Innanzitutto Cunningham esordisce dicendo che ha imparato nella sua vita più di duecento linguaggi di programmazione. Molti li considera pessimi, perché chi li ha disegnati aveva come obiettivo quello di implementare funzioni matematiche, senza concentrarsi sui costrutti del linguaggio in sè. Da questa affermazione Cunningham entra nel cuore dell'intervista, affermanso che la cosa fondamentale di un linguaggio di programmazione è la sua capacità di definire e di avere al suo interno concetti, e che questi concetti abbiano un confine che li delimiti, che gli si possa inviare messaggi per poterli interrogare. E' importante che io programmatore possa stabilire, indicare, qual è l'idea più importante tra quelle che sto modellando, e che possa dire che gli altri sono concetti secondari. A questo riguardo Cunningham afferma che da quando ha conosciuto Smalltalk, ha smesso di imparare altri linguaggi. Infatti nella programmazione ad oggetti, ogni oggetto diventa un linguaggio, ed io programmatore divento un language designer definendo questi concetti. Il computer in questo modo mi insegna quali sono i concetti principali che devo conoscere di un certo argomento, costruendo un linguaggio che lo descriva. Il computer quindi ci fa conoscere cose del nostro mondo che prima non conoscevamo. Un linguaggio di programmazione diventa così un ponte, uno strumento verso la conoscenza del mondo che stiamo modellando, nonché uno strumento per l'interazione tra essere umani.

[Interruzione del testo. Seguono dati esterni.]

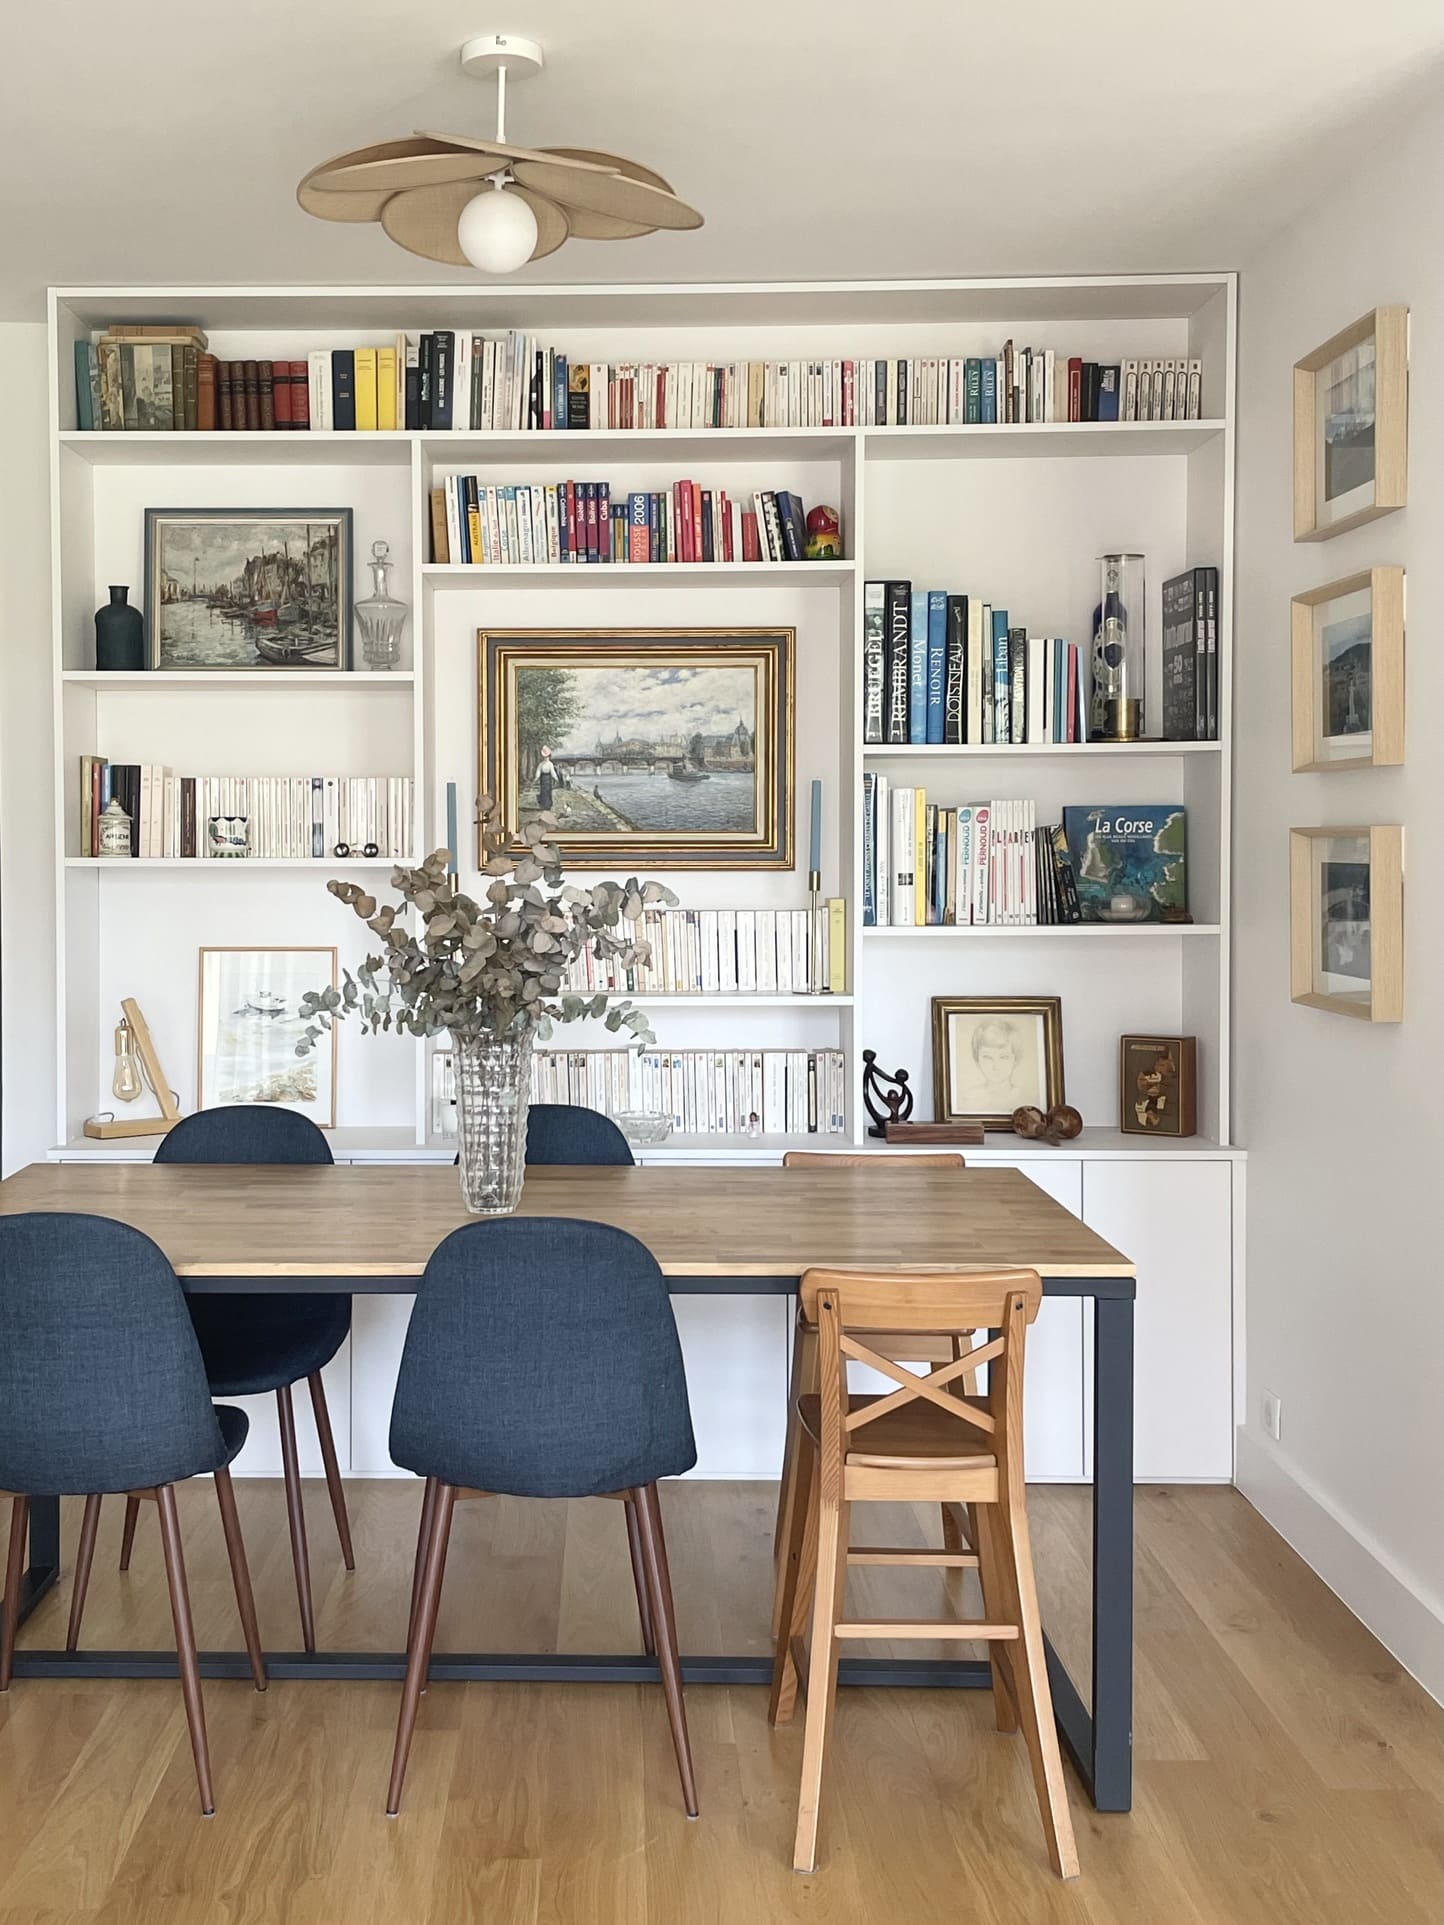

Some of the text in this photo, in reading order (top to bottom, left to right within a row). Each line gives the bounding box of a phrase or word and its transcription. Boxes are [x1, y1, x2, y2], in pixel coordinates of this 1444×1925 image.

[600, 500, 608, 521] Cuba
[634, 495, 645, 525] 2006
[491, 539, 499, 561] Italie
[522, 518, 530, 562] Allemagne
[550, 526, 558, 558] Belgique
[867, 629, 883, 718] BRUEGEL
[891, 601, 908, 722] REMBRANDT
[911, 639, 926, 687] Monet
[995, 636, 1008, 673] Liban
[930, 648, 944, 705] RENOIR
[947, 642, 963, 721] DOISNEAU
[962, 825, 970, 865] PERNOUD
[1095, 817, 1153, 833] La Corse
[979, 825, 987, 866] PERNOUD
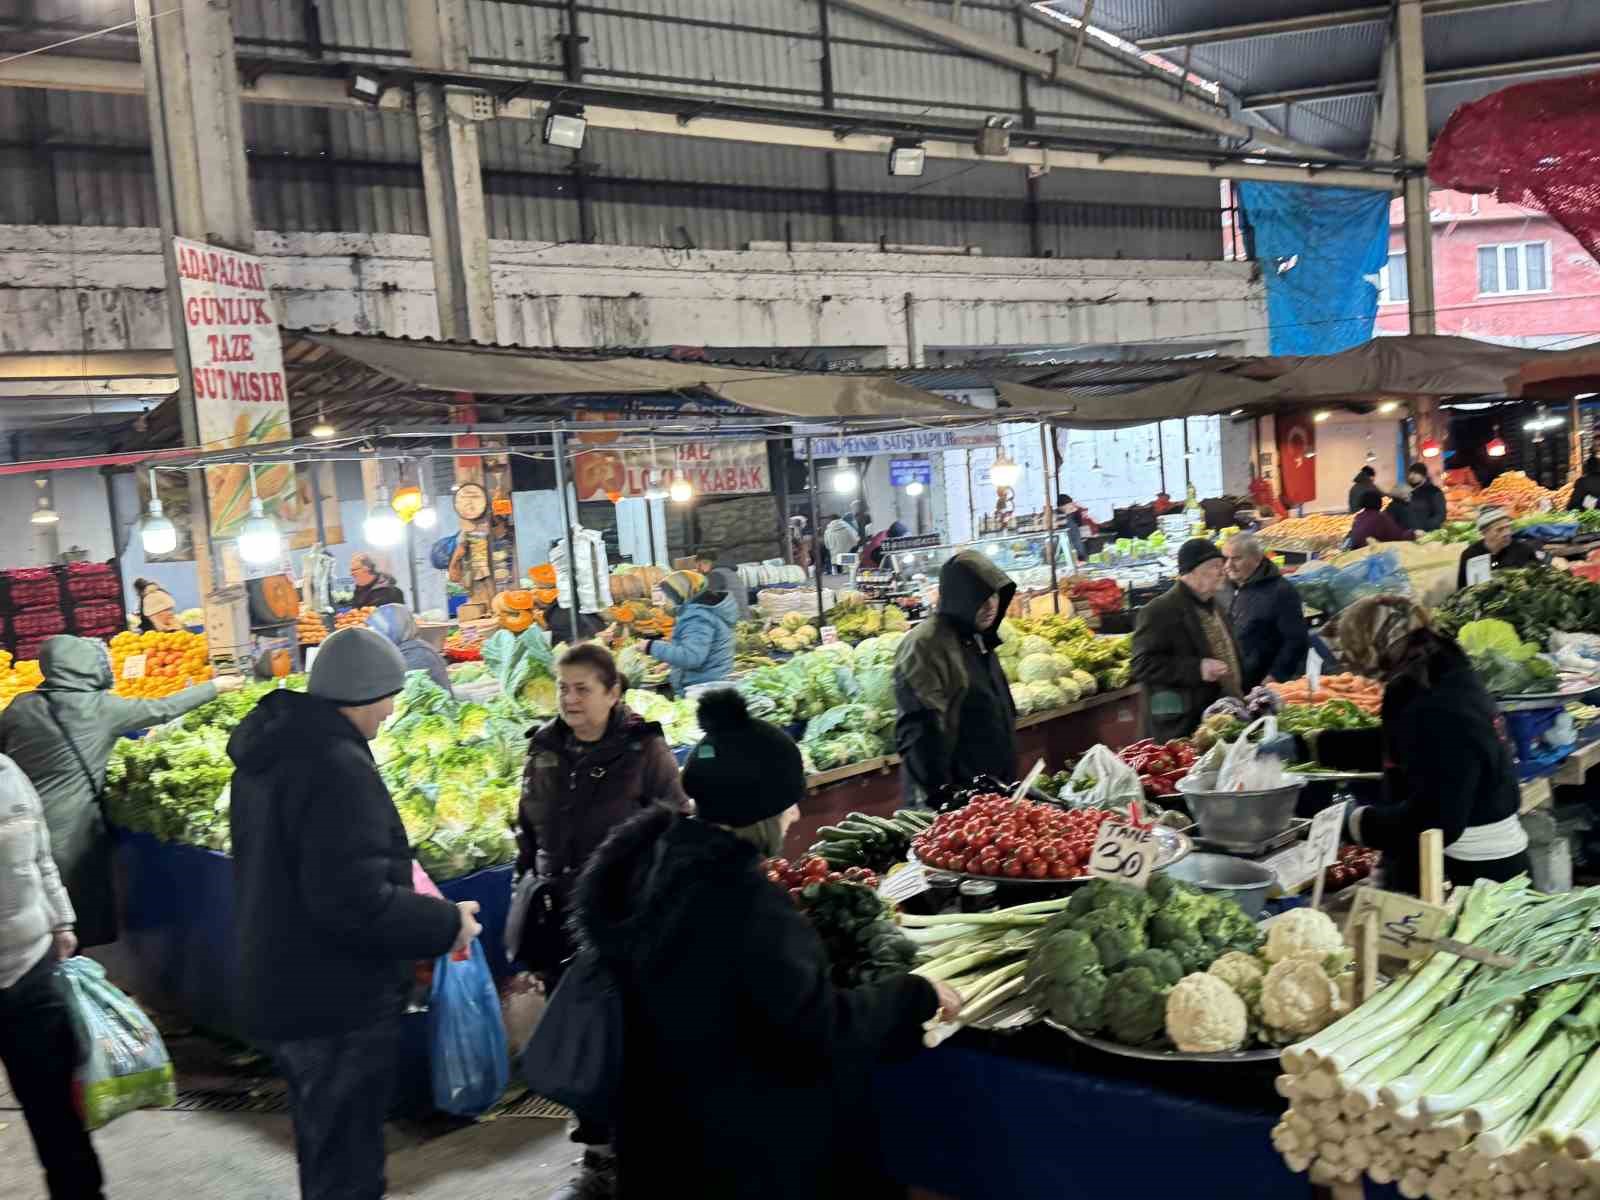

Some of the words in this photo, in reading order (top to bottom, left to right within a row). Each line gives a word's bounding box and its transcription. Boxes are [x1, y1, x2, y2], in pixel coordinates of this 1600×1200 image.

[179, 247, 265, 291] ADAPAZARI
[207, 334, 255, 363] TAZE
[228, 370, 285, 403] MISIR
[699, 465, 763, 493] KABAK
[1096, 841, 1144, 878] 30

Quest'ultimo aspetto secondo me è la cosa fondamentale di un tool o di un linguaggio di programmazione, o comunque di qualsiasi cosa riguardi un computer: la sua capacità di sapere rappresentare concetti, conoscenza, in maniera chiara, precisa, "delimitata da confini", contestualizzata, e la capacità di poterci ragionare sopra permettendoci di concentrarci sulle idee stesse, senza tecnicismi che offuscano i concetti. Strumenti che permettano di reagire con il minimo sforzo possibile al dinamismo della conoscenza, al naturale evolvere della stessa, che permettano di imparare e conoscere più di quanto sappia o di quanto possa conoscere se non li informatizzassi. Tutto ciò ovviamente coinvolge la comunicazione tra essere umani ed è qui che un tool o un linguaggio si differenziano nella loro bontà, a livello di conoscenza e espressività: quanto migliorano la comunicazione tra le persone? Ad esempio l'assembler molto poco! C molto poco ma già meglio! Altri linguaggi ad alto livello forse meglio ancora. A questo aspetto se ne aggiunge un altro, e cioè che ogni linguaggio deve essere in grado di supportare il naturale dinamismo del processo di comprensione e di knowledge crunching in modo iterativo e graduale. E' qui che diventa importante la capacità di un linguaggio o di un tool di garantire flessiblità, testabilità, robustezza e chiarezza.